Tim Burton, Toronto, Sept. 11, 2005

VERY LITTLE THAT I'VE DONE IMPRESSES MY DAUGHTERS. There are, however, a handful of portrait subjects that they had a hard time believing I photographed. Thanks to the Harry Potter films, two of them were Alan Rickman and Helena Bonham Carter. The other was Bonham Carter's now-ex-partner, director Tim Burton, who colonized a large part of the imagination of my goth-in-waiting younger daughter, somewhere to the south of the much larger one occupied by Hayao Miyazaki.

I photographed Burton nearly a decade ago for the free national daily, when he was in town promoting The Corpse Bride at the film festival. For me, he was forever the man who endeared himself to me with Pee-Wee's Big Adventure and then squandered all that goodwill with the execrable Batman films. But I didn't tell him that.

Tim Burton, Toronto, Sept. 11, 2005

I had been shooting in hotel rooms for almost two decades by the time I met Burton, so I knew that there was a certain kind of light, combined with just the right bright, plain wall, that would give me something like a high key studio lighting effect with just ambient room light. (Aided by a judicious bit of dodging and burning, about an hour's worth of work in the darkroom, a matter of seconds in Photoshop.)

I knew the light was a gift as soon as I saw it in what I assume was a room at the old Four Seasons in Yorkville, which was nice because Burton himself, taciturn and glum, obviously wasn't going to give me anything.
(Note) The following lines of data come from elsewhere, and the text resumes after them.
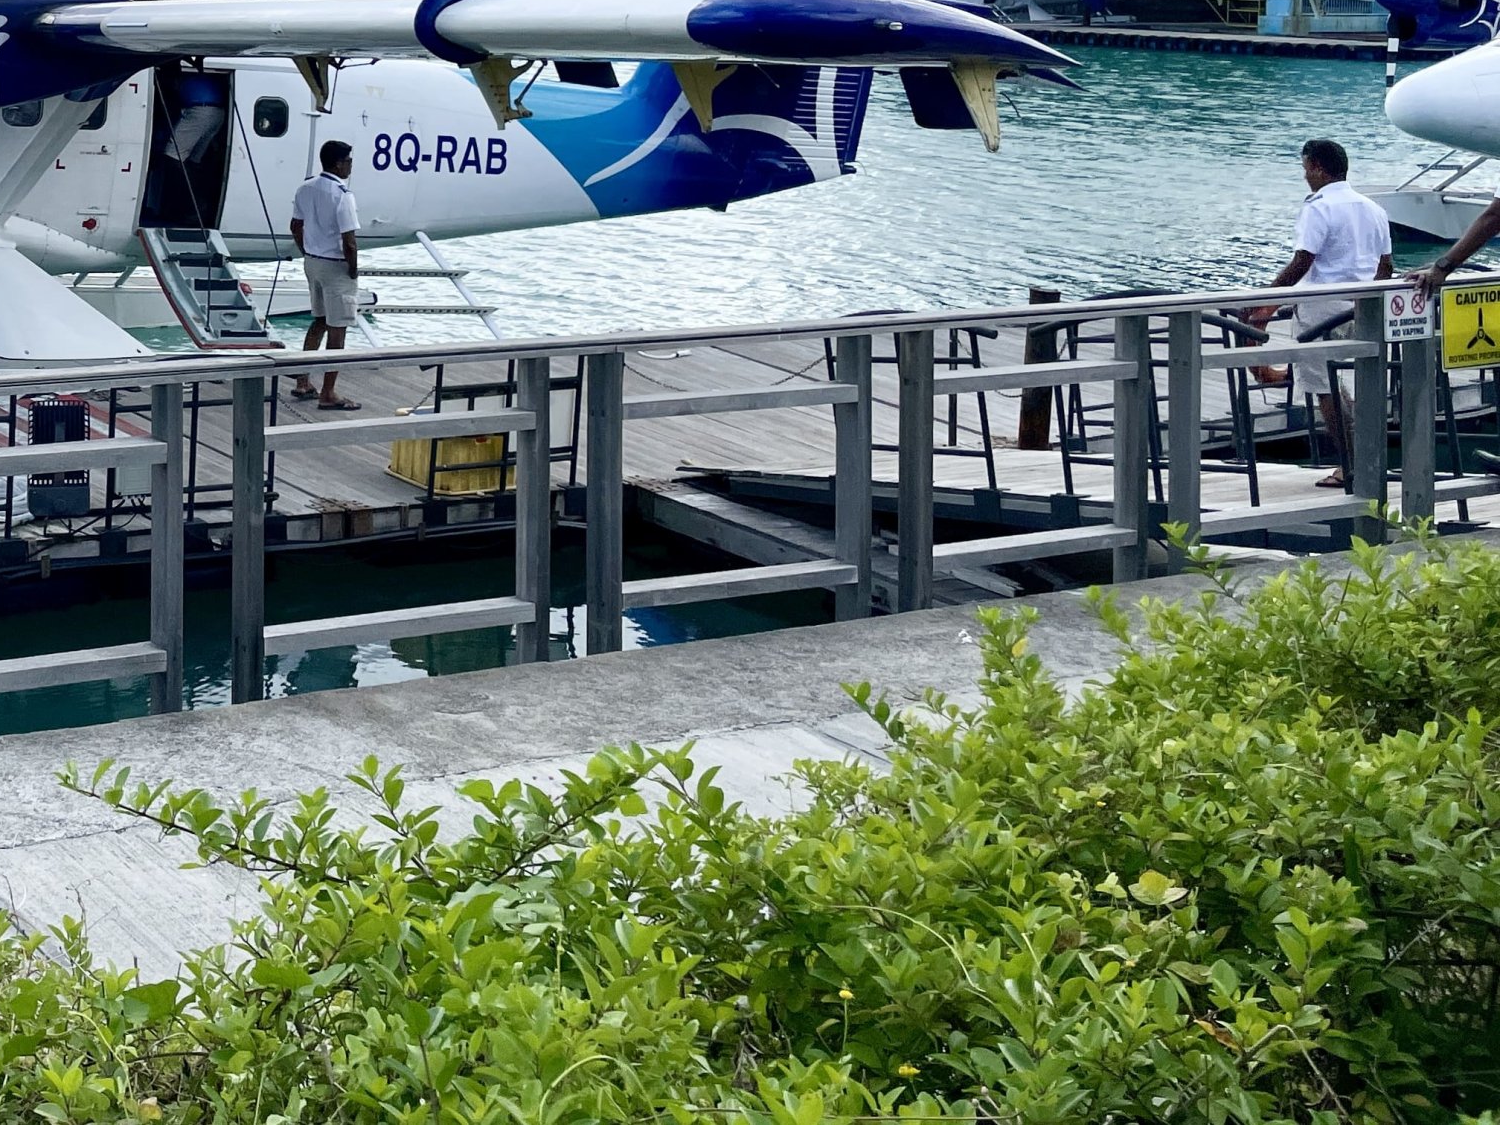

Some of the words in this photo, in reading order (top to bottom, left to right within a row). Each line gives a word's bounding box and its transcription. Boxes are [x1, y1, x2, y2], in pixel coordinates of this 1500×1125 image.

[372, 132, 507, 175] 8Q-RAB
[1400, 317, 1427, 327] SMOKING
[1392, 329, 1400, 337] NO
[1402, 327, 1425, 336] VAPING
[1449, 353, 1478, 363] ROTATING
Not that it bothered me; with just a few minutes to work, the way a subject presents themselves to me is one of the scant clues they give me to how they want the world to see them.
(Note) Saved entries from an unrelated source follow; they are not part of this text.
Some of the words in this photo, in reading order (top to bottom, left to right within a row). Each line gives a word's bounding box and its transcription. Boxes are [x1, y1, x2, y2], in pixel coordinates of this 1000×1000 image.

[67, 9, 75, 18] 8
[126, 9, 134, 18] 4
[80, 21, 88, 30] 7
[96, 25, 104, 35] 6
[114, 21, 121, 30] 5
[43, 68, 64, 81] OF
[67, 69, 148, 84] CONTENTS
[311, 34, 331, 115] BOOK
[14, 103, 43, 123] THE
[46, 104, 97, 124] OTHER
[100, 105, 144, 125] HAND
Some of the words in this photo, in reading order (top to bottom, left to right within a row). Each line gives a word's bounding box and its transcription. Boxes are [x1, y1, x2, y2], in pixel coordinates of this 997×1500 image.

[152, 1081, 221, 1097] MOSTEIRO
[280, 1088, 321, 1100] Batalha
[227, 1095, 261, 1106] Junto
Bonham Carter, photographed a decade previous, performed for me and my camera like the overwrought Victorian she often channeled in her work. Burton planted himself in the indicated spot and responded to my minimal directions, minimally.

Tim Burton, Toronto, Sept. 11, 2005

The images here look very different from whatever I handed into the free daily. The image at the top has been given much more selective focus than the original jpeg, while the colour in the middle shot has been pulled back so that it reminds me of a Chuck Close portrait. (Click on the image and you'll see what I mean.)

The portrait at the bottom, one of the few where Burton actually showed movement and emotion, has been enhanced with some motion blur in Photoshop. Look at the man - it's like he's going to leap out of the frame at you.